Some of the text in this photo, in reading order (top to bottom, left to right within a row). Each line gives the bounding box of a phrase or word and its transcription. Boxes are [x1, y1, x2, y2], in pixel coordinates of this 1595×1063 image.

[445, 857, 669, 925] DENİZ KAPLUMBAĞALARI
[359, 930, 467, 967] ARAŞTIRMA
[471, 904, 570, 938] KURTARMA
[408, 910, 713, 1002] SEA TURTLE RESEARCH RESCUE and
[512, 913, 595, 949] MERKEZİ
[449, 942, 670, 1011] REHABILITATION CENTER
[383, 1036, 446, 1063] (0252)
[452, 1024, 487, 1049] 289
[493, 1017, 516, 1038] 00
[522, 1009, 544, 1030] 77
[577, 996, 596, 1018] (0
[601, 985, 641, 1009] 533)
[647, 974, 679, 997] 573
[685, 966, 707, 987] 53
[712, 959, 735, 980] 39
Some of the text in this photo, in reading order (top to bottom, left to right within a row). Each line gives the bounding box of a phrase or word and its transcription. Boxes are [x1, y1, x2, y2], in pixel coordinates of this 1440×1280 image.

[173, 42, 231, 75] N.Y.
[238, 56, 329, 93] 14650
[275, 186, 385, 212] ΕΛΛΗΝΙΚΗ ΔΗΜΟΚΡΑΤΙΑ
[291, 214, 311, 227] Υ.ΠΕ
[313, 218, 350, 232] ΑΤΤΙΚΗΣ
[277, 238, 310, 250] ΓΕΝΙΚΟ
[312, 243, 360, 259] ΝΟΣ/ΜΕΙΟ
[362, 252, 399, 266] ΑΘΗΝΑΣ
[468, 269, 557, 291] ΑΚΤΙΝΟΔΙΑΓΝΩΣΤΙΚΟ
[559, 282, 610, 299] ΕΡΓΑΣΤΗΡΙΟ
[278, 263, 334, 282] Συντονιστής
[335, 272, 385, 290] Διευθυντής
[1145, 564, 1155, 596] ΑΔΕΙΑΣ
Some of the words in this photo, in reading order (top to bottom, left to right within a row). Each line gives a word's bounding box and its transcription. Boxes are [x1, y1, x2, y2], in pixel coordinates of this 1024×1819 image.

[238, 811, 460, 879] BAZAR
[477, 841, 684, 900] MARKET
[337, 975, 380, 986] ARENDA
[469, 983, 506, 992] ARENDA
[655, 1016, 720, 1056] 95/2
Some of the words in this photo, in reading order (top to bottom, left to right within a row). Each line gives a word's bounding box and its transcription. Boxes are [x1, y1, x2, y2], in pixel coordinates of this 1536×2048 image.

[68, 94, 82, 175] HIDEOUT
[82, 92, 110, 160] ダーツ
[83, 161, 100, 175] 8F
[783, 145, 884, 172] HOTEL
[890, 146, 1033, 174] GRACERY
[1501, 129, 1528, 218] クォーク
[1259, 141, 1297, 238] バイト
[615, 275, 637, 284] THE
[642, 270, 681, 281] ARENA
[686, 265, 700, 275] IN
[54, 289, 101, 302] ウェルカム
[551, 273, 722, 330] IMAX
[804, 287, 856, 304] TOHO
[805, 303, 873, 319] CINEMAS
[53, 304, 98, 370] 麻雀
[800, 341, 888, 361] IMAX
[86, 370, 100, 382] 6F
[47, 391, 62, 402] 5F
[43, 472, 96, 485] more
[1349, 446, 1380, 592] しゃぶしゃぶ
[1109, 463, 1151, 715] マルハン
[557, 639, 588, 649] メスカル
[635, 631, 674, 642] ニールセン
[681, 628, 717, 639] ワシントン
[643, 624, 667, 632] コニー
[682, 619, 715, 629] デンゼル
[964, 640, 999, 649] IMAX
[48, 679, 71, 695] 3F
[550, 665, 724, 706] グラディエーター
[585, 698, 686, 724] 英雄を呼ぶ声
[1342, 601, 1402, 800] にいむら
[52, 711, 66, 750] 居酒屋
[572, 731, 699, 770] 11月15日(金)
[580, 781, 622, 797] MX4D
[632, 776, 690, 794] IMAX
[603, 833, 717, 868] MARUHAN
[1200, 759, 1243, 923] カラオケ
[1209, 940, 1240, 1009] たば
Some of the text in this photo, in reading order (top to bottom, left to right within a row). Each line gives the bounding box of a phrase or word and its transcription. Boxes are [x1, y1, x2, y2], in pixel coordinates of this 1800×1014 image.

What you have to do: Please repeat the data in full so that nothing differs from the original.

Written solution:
Some of the text in this photo, in reading order (top to bottom, left to right within a row). Each line gives the bounding box of a phrase or word and its transcription. Boxes are [x1, y1, x2, y2], in pixel coordinates of this 1595×1063 image.

[445, 857, 669, 925] DENİZ KAPLUMBAĞALARI
[359, 930, 467, 967] ARAŞTIRMA
[471, 904, 570, 938] KURTARMA
[408, 910, 713, 1002] SEA TURTLE RESEARCH RESCUE and
[512, 913, 595, 949] MERKEZİ
[449, 942, 670, 1011] REHABILITATION CENTER
[383, 1036, 446, 1063] (0252)
[452, 1024, 487, 1049] 289
[493, 1017, 516, 1038] 00
[522, 1009, 544, 1030] 77
[577, 996, 596, 1018] (0
[601, 985, 641, 1009] 533)
[647, 974, 679, 997] 573
[685, 966, 707, 987] 53
[712, 959, 735, 980] 39
Some of the text in this photo, in reading order (top to bottom, left to right within a row). Each line gives the bounding box of a phrase or word and its transcription. Boxes are [x1, y1, x2, y2], in pixel coordinates of this 1440×1280 image.

[173, 42, 231, 75] N.Y.
[238, 56, 329, 93] 14650
[275, 186, 385, 212] ΕΛΛΗΝΙΚΗ ΔΗΜΟΚΡΑΤΙΑ
[291, 214, 311, 227] Υ.ΠΕ
[313, 218, 350, 232] ΑΤΤΙΚΗΣ
[277, 238, 310, 250] ΓΕΝΙΚΟ
[312, 243, 360, 259] ΝΟΣ/ΜΕΙΟ
[362, 252, 399, 266] ΑΘΗΝΑΣ
[468, 269, 557, 291] ΑΚΤΙΝΟΔΙΑΓΝΩΣΤΙΚΟ
[559, 282, 610, 299] ΕΡΓΑΣΤΗΡΙΟ
[278, 263, 334, 282] Συντονιστής
[335, 272, 385, 290] Διευθυντής
[1145, 564, 1155, 596] ΑΔΕΙΑΣ
Some of the words in this photo, in reading order (top to bottom, left to right within a row). Each line gives a word's bounding box and its transcription. Boxes are [x1, y1, x2, y2], in pixel coordinates of this 1024×1819 image.

[238, 811, 460, 879] BAZAR
[477, 841, 684, 900] MARKET
[337, 975, 380, 986] ARENDA
[469, 983, 506, 992] ARENDA
[655, 1016, 720, 1056] 95/2
Some of the words in this photo, in reading order (top to bottom, left to right within a row). Each line gives a word's bounding box and its transcription. Boxes are [x1, y1, x2, y2], in pixel coordinates of this 1536×2048 image.

[68, 94, 82, 175] HIDEOUT
[82, 92, 110, 160] ダーツ
[83, 161, 100, 175] 8F
[783, 145, 884, 172] HOTEL
[890, 146, 1033, 174] GRACERY
[1501, 129, 1528, 218] クォーク
[1259, 141, 1297, 238] バイト
[615, 275, 637, 284] THE
[642, 270, 681, 281] ARENA
[686, 265, 700, 275] IN
[54, 289, 101, 302] ウェルカム
[551, 273, 722, 330] IMAX
[804, 287, 856, 304] TOHO
[805, 303, 873, 319] CINEMAS
[53, 304, 98, 370] 麻雀
[800, 341, 888, 361] IMAX
[86, 370, 100, 382] 6F
[47, 391, 62, 402] 5F
[43, 472, 96, 485] more
[1349, 446, 1380, 592] しゃぶしゃぶ
[1109, 463, 1151, 715] マルハン
[557, 639, 588, 649] メスカル
[635, 631, 674, 642] ニールセン
[681, 628, 717, 639] ワシントン
[643, 624, 667, 632] コニー
[682, 619, 715, 629] デンゼル
[964, 640, 999, 649] IMAX
[48, 679, 71, 695] 3F
[550, 665, 724, 706] グラディエーター
[585, 698, 686, 724] 英雄を呼ぶ声
[1342, 601, 1402, 800] にいむら
[52, 711, 66, 750] 居酒屋
[572, 731, 699, 770] 11月15日(金)
[580, 781, 622, 797] MX4D
[632, 776, 690, 794] IMAX
[603, 833, 717, 868] MARUHAN
[1200, 759, 1243, 923] カラオケ
[1209, 940, 1240, 1009] たば
Some of the text in this photo, in reading order (top to bottom, left to right within a row). Each line gives the bounding box of a phrase or word and its transcription. Boxes are [x1, y1, x2, y2], in pixel coordinates of this 1800×1014 image.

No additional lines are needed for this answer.